Reporting of suspected adverse reactions
Reporting of suspected adverse reactions after marketing authorization is of great importance. It allows continued monitoring of the benefit-risk balance of this medicinal product. Healthcare professionals, patients, and their legal representatives should report all suspected adverse reactions and lack of efficacy via the automated pharmacovigilance information system at the following link: https://aisf.dec.gov.ua
Shelf life.
5 years.
Storage conditions.
Store at temperatures not exceeding 30°C.

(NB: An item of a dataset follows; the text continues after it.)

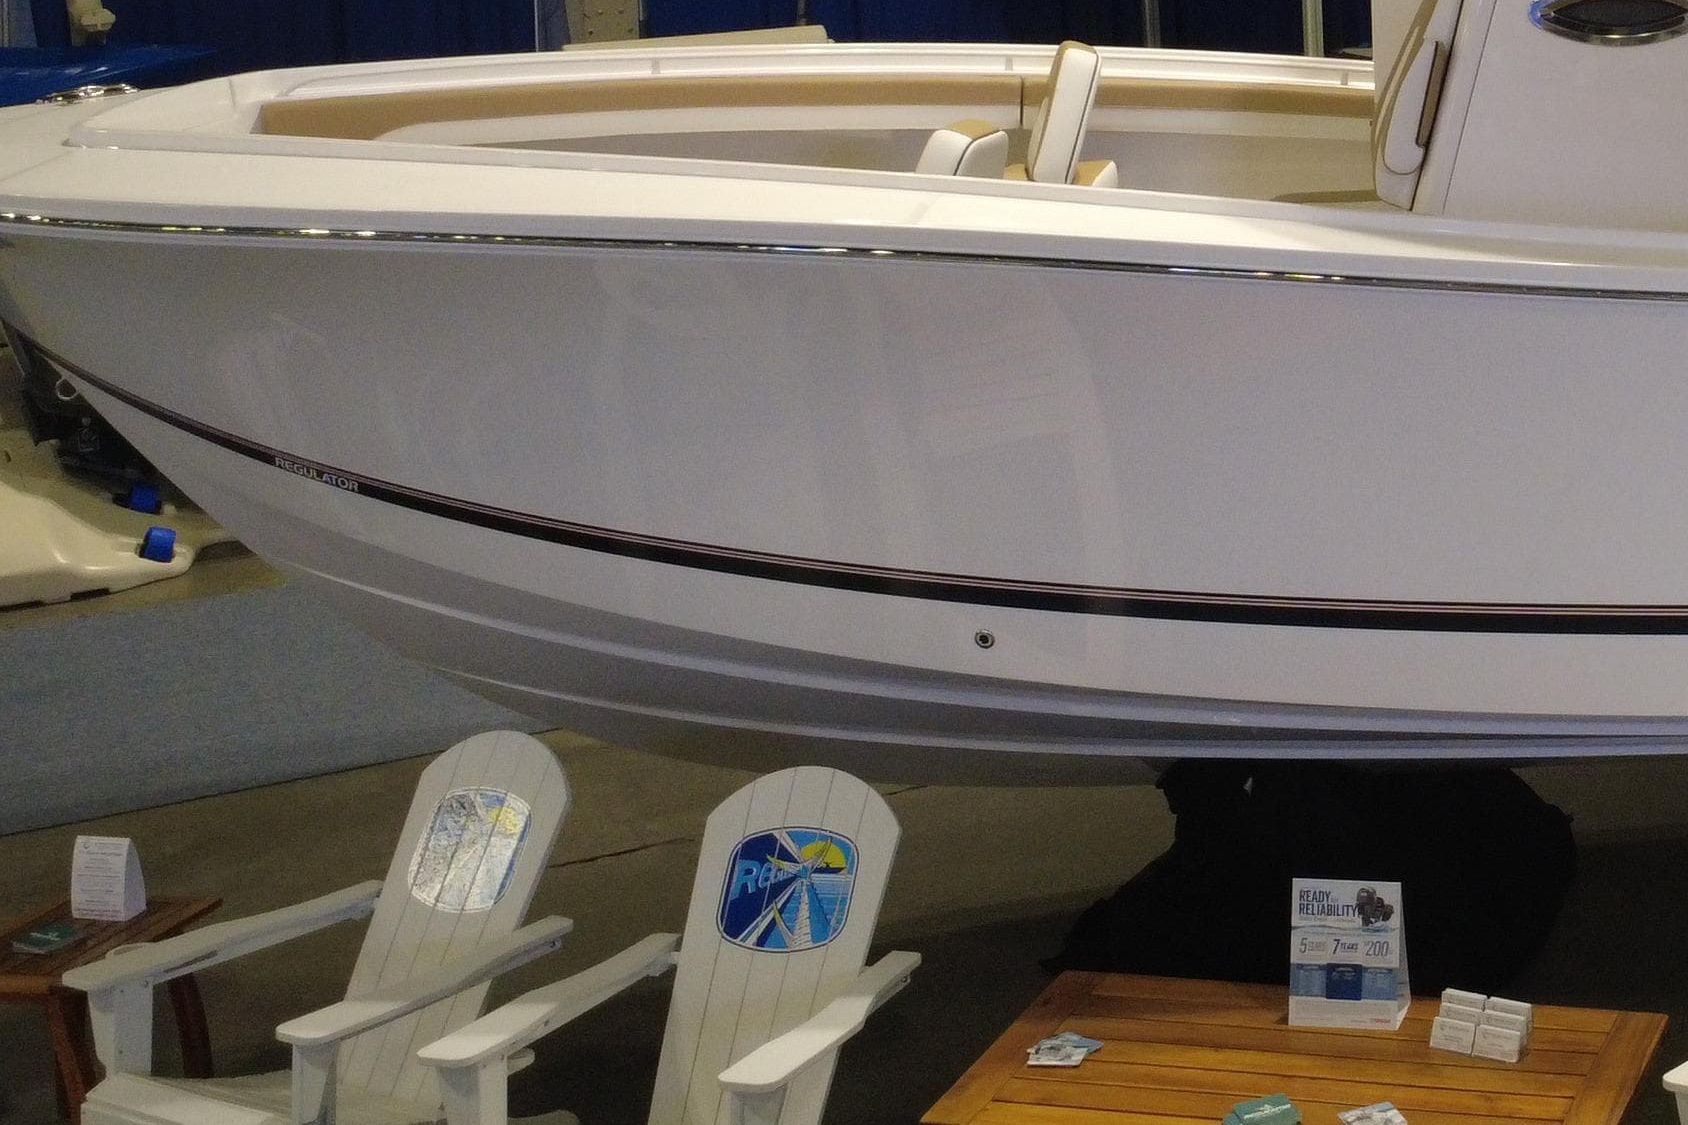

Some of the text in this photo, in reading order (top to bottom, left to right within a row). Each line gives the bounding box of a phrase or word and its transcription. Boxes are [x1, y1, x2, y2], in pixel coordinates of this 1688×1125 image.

Keep out of reach and sight of children.
Packaging.
10 tablets per blister, 3 or 9 blisters per cardboard box.
Prescription status. Prescription only.
Manufacturer.
KRKA, d.d., Novo mesto, Slovenia.
Manufacturer's address and location of operations.
Smarjeska cesta 6, 8501 Novo mesto, Slovenia / Smarjeska cesta 6, 8501 Novo mesto, Slovenia.